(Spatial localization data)
○ ○ ○

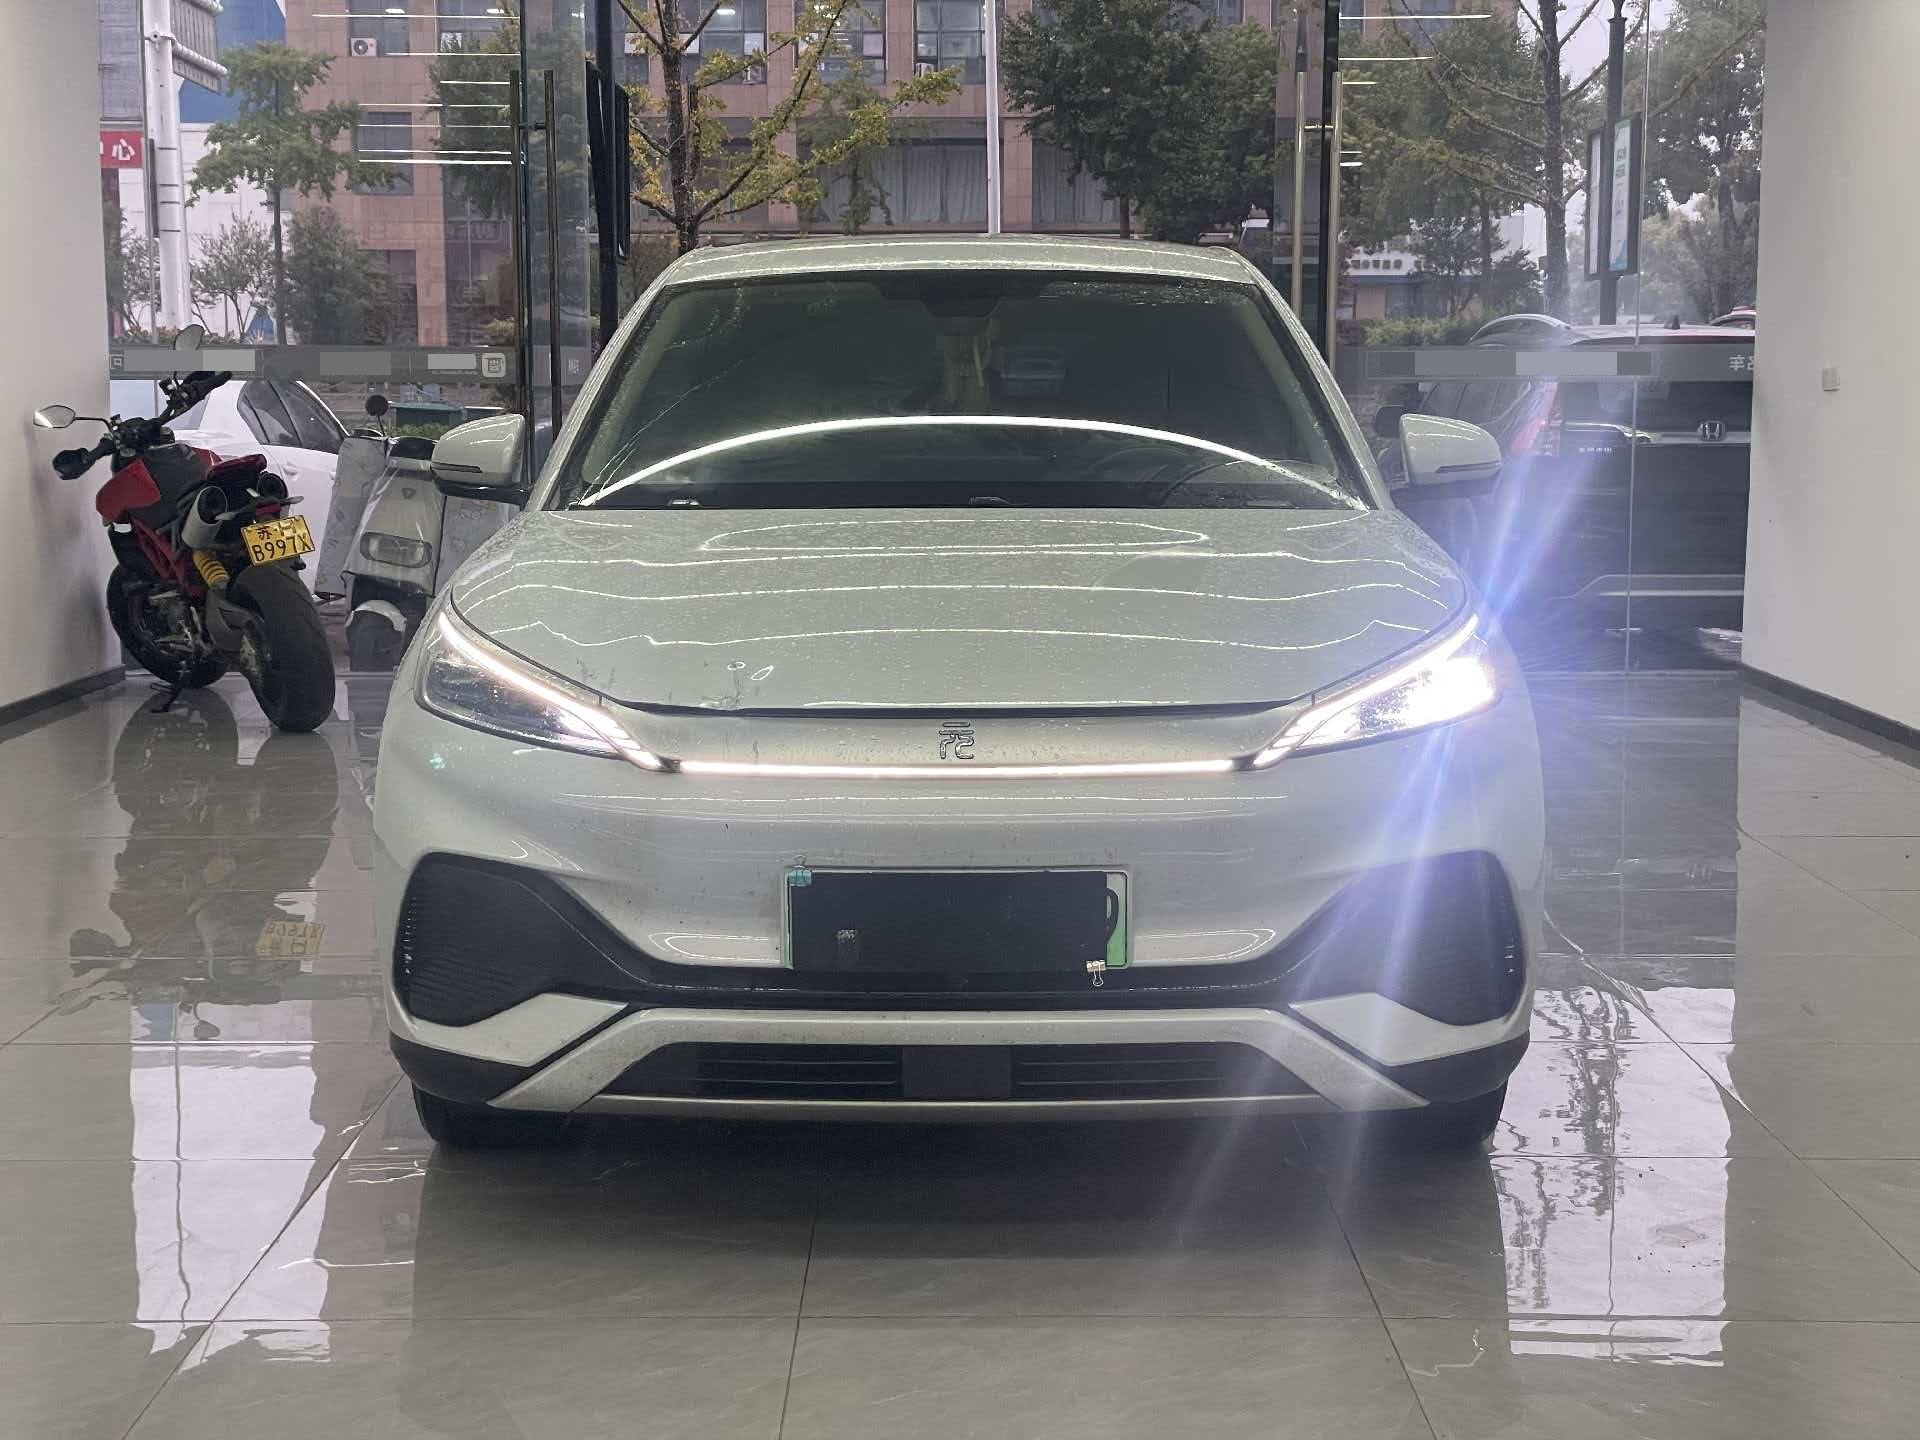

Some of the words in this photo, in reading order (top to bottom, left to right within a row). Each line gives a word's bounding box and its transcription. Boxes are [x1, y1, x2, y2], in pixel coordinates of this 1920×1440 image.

[100, 138, 136, 161] 心
[252, 532, 312, 562] B997X
[939, 722, 975, 760] 元
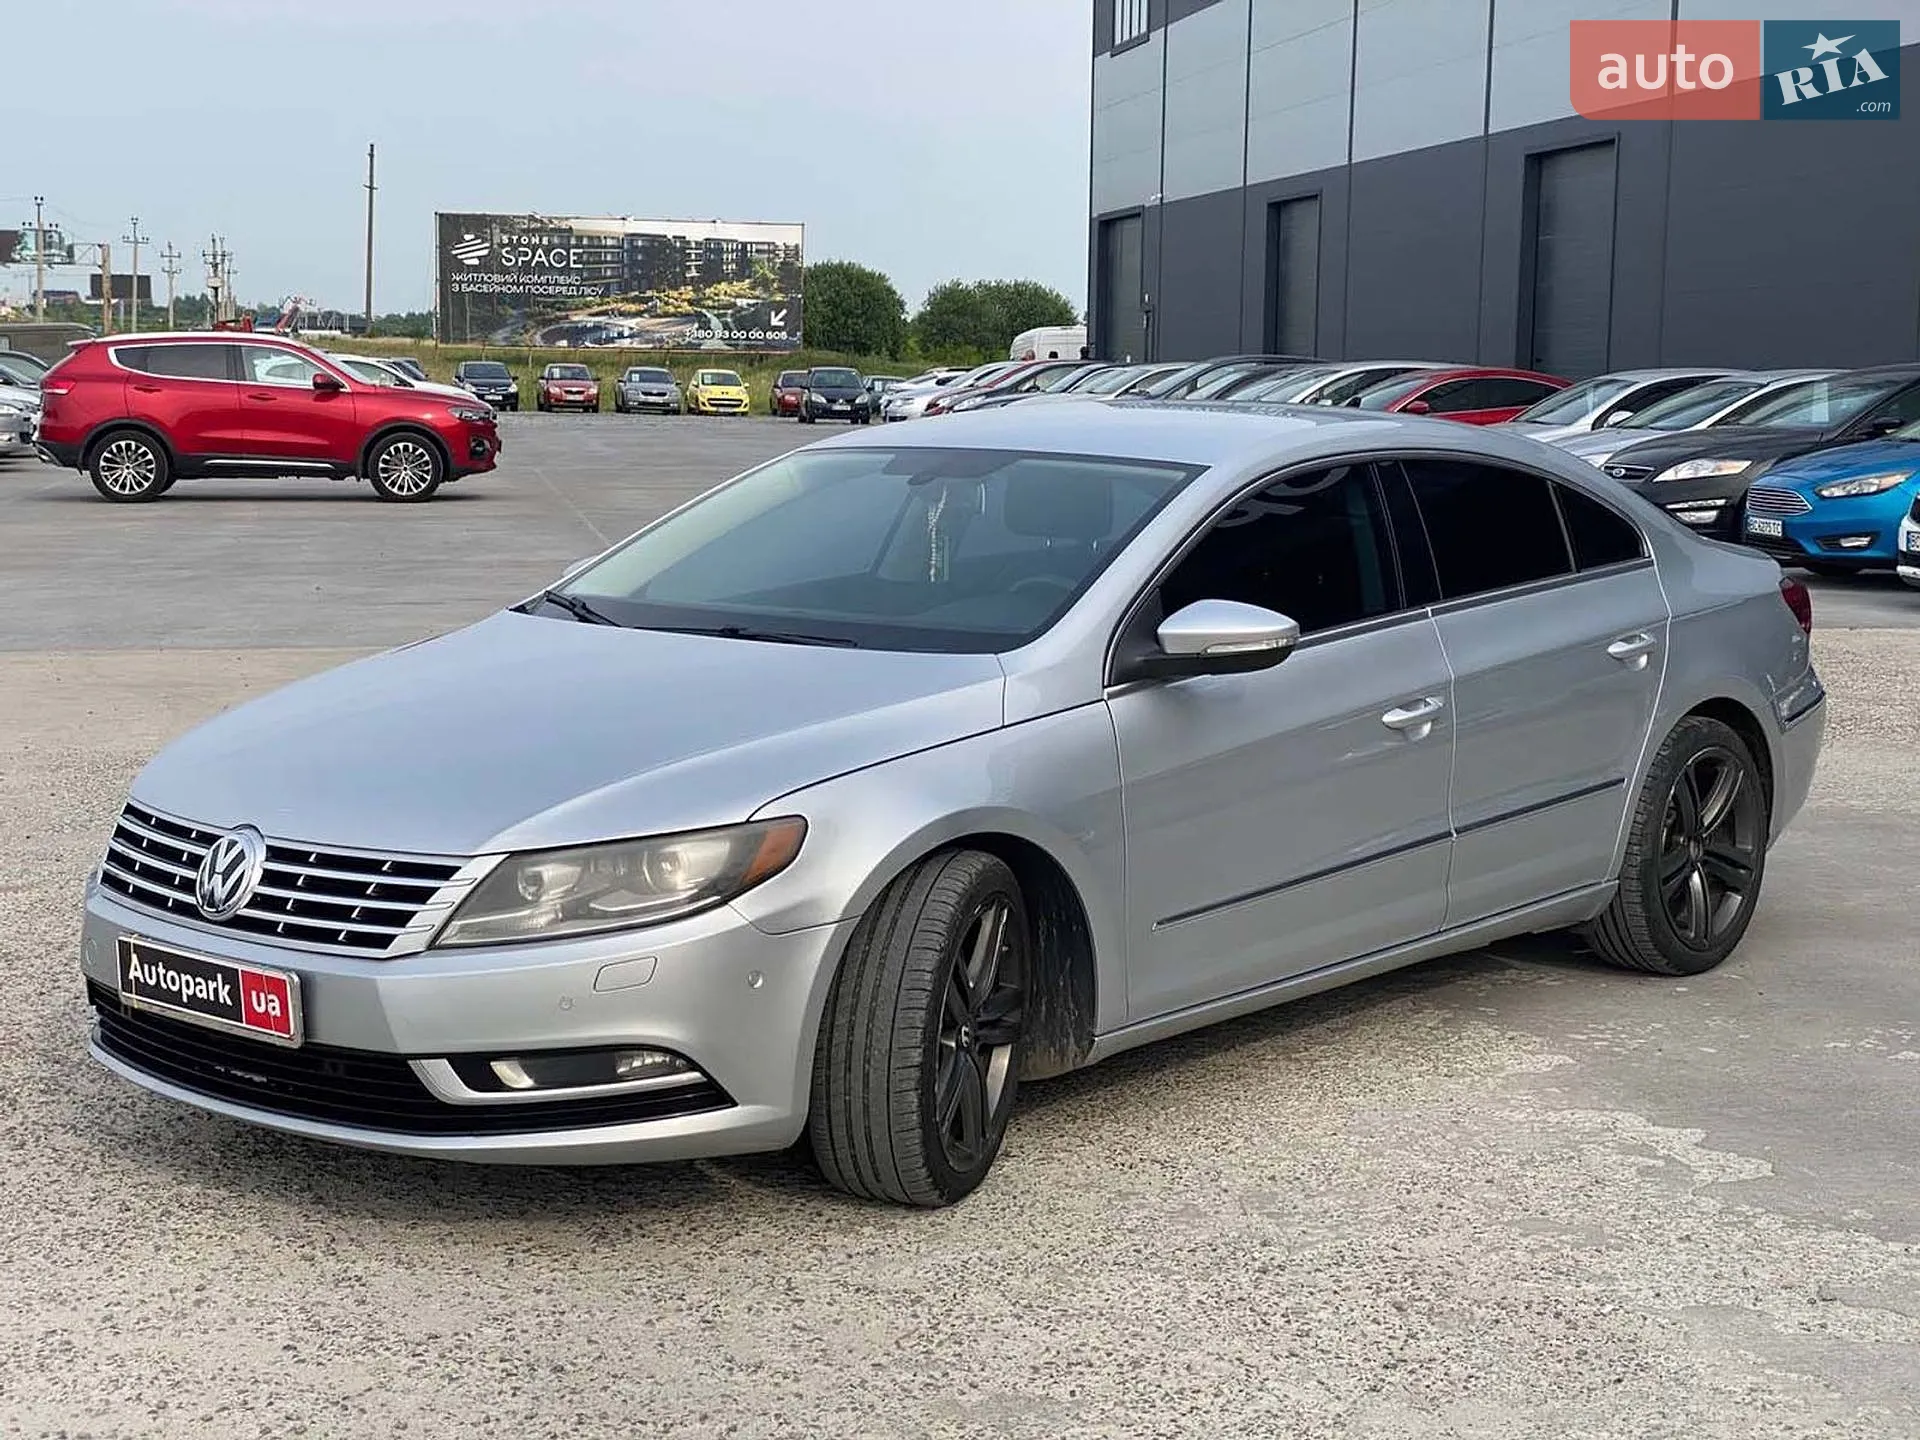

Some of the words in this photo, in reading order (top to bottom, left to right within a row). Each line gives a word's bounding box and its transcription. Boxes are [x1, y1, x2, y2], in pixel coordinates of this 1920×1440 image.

[501, 235, 549, 245] STONE
[501, 247, 584, 268] SPACE
[451, 272, 519, 284] ЖИТЛОВИЙ
[461, 283, 525, 294] БАСЕЙНОМ
[525, 284, 577, 296] ПОСЕРЕД
[128, 952, 233, 1007] Autopark
[251, 989, 281, 1018] ua

○ ○ ○

:: WHAT YOU WILL DO ::
What comes back should match the records exactly, minus any pictures.

:: TASK SOLUTION ::
Some of the words in this photo, in reading order (top to bottom, left to right within a row). Each line gives a word's bounding box and its transcription. Boxes are [x1, y1, x2, y2], in pixel coordinates of this 1920×1440 image.

[100, 138, 136, 161] 心
[252, 532, 312, 562] B997X
[939, 722, 975, 760] 元

Some of the words in this photo, in reading order (top to bottom, left to right within a row). Each line gives a word's bounding box and its transcription. Boxes are [x1, y1, x2, y2], in pixel coordinates of this 1920×1440 image.

[501, 235, 549, 245] STONE
[501, 247, 584, 268] SPACE
[451, 272, 519, 284] ЖИТЛОВИЙ
[461, 283, 525, 294] БАСЕЙНОМ
[525, 284, 577, 296] ПОСЕРЕД
[128, 952, 233, 1007] Autopark
[251, 989, 281, 1018] ua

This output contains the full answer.